Vom kleinen Kuscheltier, dass wir in die Hände legen, bis hin zum Auskleiden des Sarges mit Rollrasen oder Fotos gibt es unzählige Arten, mit denen wir Abschied nehmen können. Auch Blumen sind in diesem Zusammenhang kaum noch wegzudenken.


Für uns Hinterbliebene ist dies oft eine sehr persönliche Art, Abschied zu nehmen und ‚Lebewohl‘ zu sagen.

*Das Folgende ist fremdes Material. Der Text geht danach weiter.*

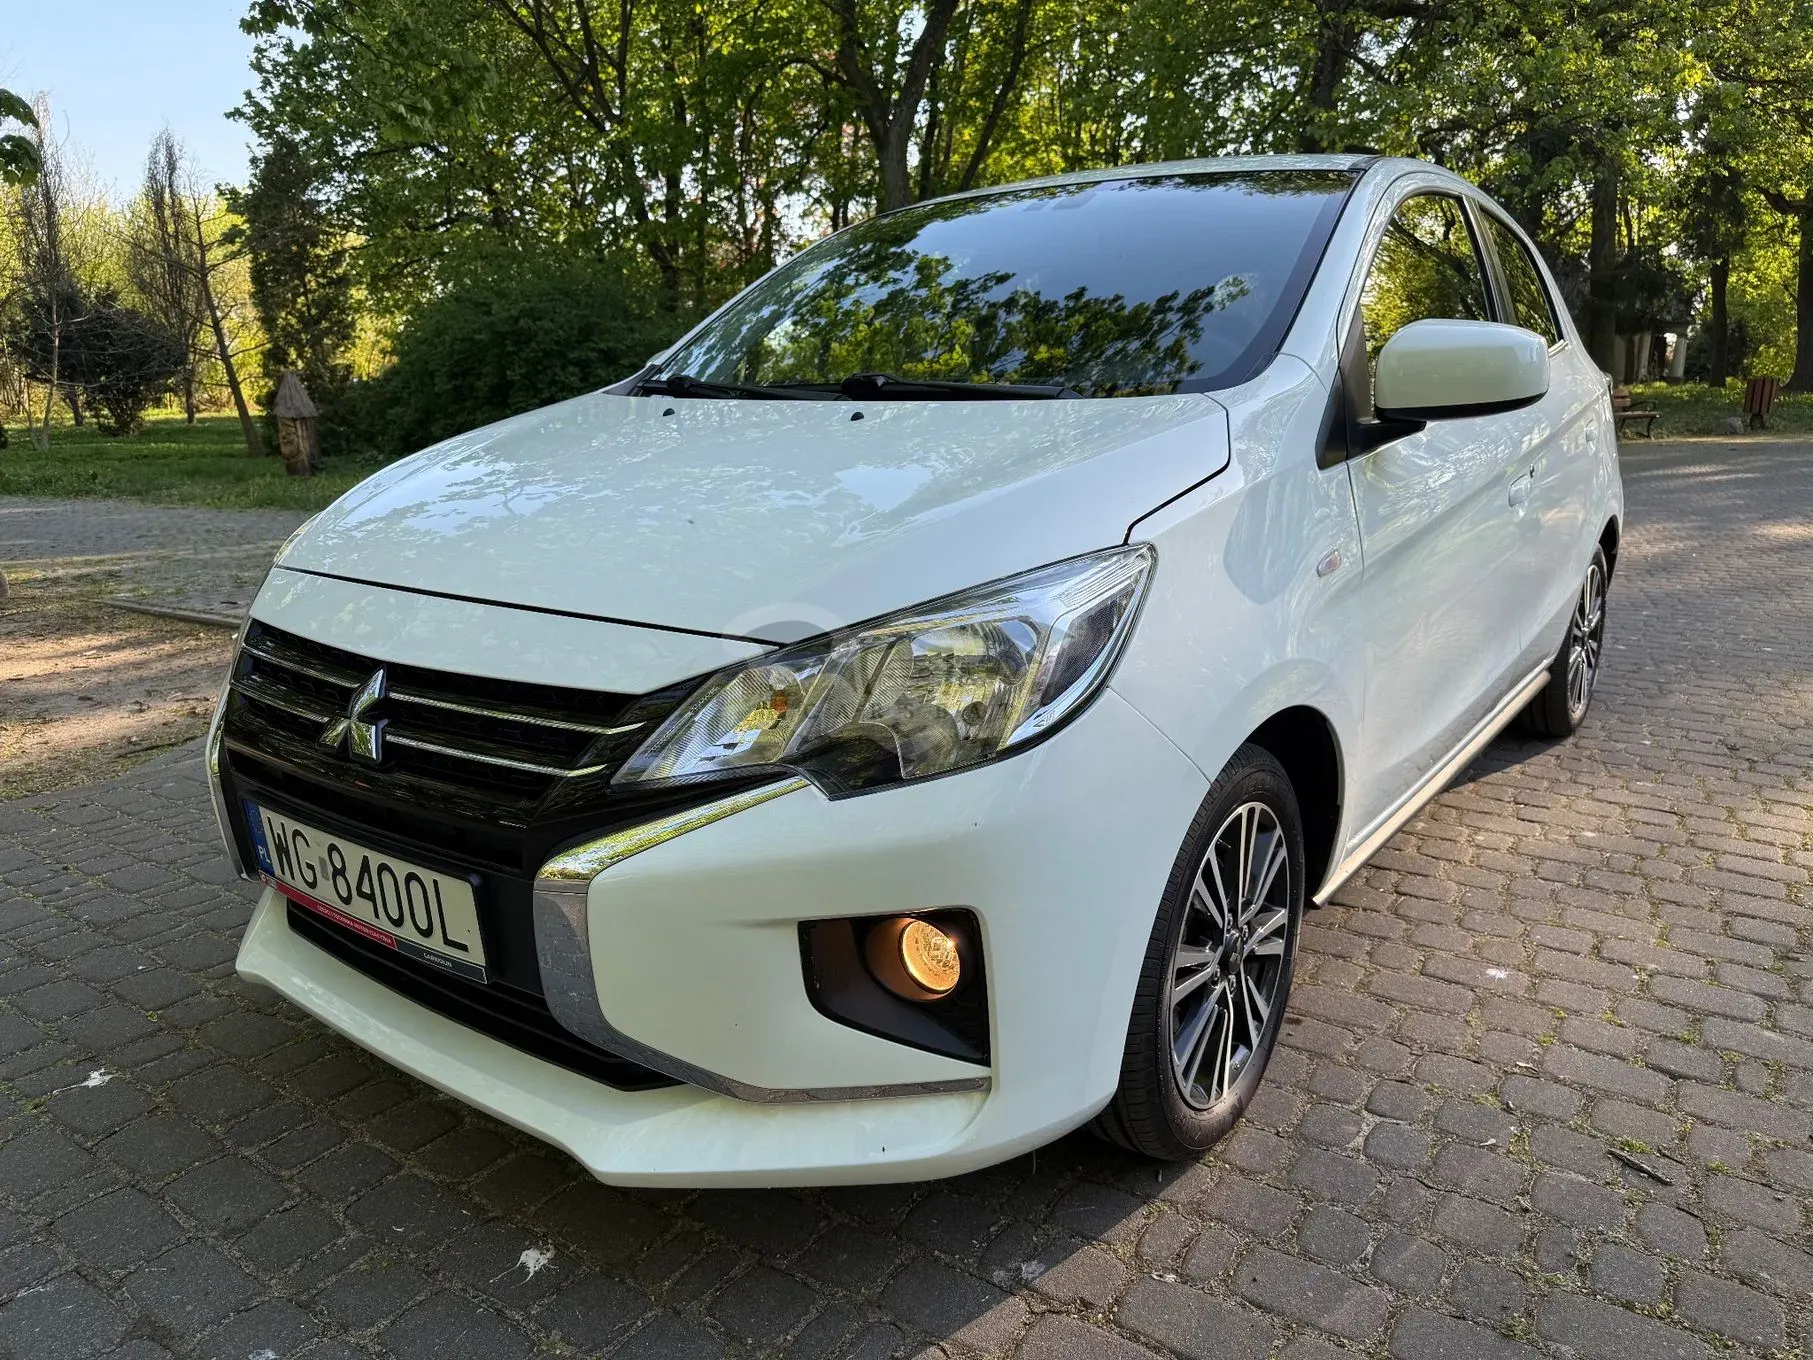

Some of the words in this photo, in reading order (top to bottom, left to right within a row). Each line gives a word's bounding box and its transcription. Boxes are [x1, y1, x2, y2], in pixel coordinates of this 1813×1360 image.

[257, 844, 271, 863] PL
[267, 815, 318, 890] WG
[327, 842, 470, 953] 8400L

Hier muss man sich nicht starr an vorgegebene ‚klassische‘ Rituale halten. Es ist absolut in Ordnung, dies auf ganz eigene und persönliche Weise zu tun. So, dass es zum Verstorbenen / zur Verstorbenen und den Gästen gleichermaßen gut passt.

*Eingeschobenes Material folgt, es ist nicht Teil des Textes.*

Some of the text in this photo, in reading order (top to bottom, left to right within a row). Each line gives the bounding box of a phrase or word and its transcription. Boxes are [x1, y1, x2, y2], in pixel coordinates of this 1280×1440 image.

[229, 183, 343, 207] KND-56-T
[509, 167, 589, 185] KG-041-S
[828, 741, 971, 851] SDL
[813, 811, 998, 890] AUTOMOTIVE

Doch gibt es da eigentlich Grenzen? Was darf ich mit in den Sarg oder das Grab legen und was ist nicht erlaubt? Für unterschiedliche Bestattungsformen gibt es hier unterschiedliche Regeln.

Was darf man mit ins Grab legen?

Erdbestattungen / Beisetzung auf dem Friedhof

Bei Erdbestattungen und der Beisetzung auf dem Friedhof gibt die Friedhofsverordnung der jeweiligen Kommune vor, was mit ins Grab darf und was nicht. Im Grunde genommen lässt es sich aber in der Regel ganz einfach darauf reduzieren, dass eigentlich alles mit in den Sarg beigelegt werden darf, was sich zersetzen kann und was das Grundwasser nicht beschmutzt.

So sollten Metallgegenstände und Plastik (das gilt auch zum Teil für Kleidung) nur in seltenen Ausnahmefällen mit in den Sarg gelegt werden.


Urnenbestattung


Bei einer Urnenbestattung ist da häufig deutlich mehr möglich. Da in modernen Krematorien Temperaturen von etwa 1.300 Grad erreicht werden, verwandelt sich nahezu alles Beigelegte in Asche. Hier gilt es allerdings zu beachten, dass sich nichts Explosives unter den Beigaben befindet. In diesem Zusammenhang sind in der Regel Glasflaschen verboten. Die Flasche des Lieblingsgetränks des oder der Verstorbenen kann somit leider nicht mitgegeben werden.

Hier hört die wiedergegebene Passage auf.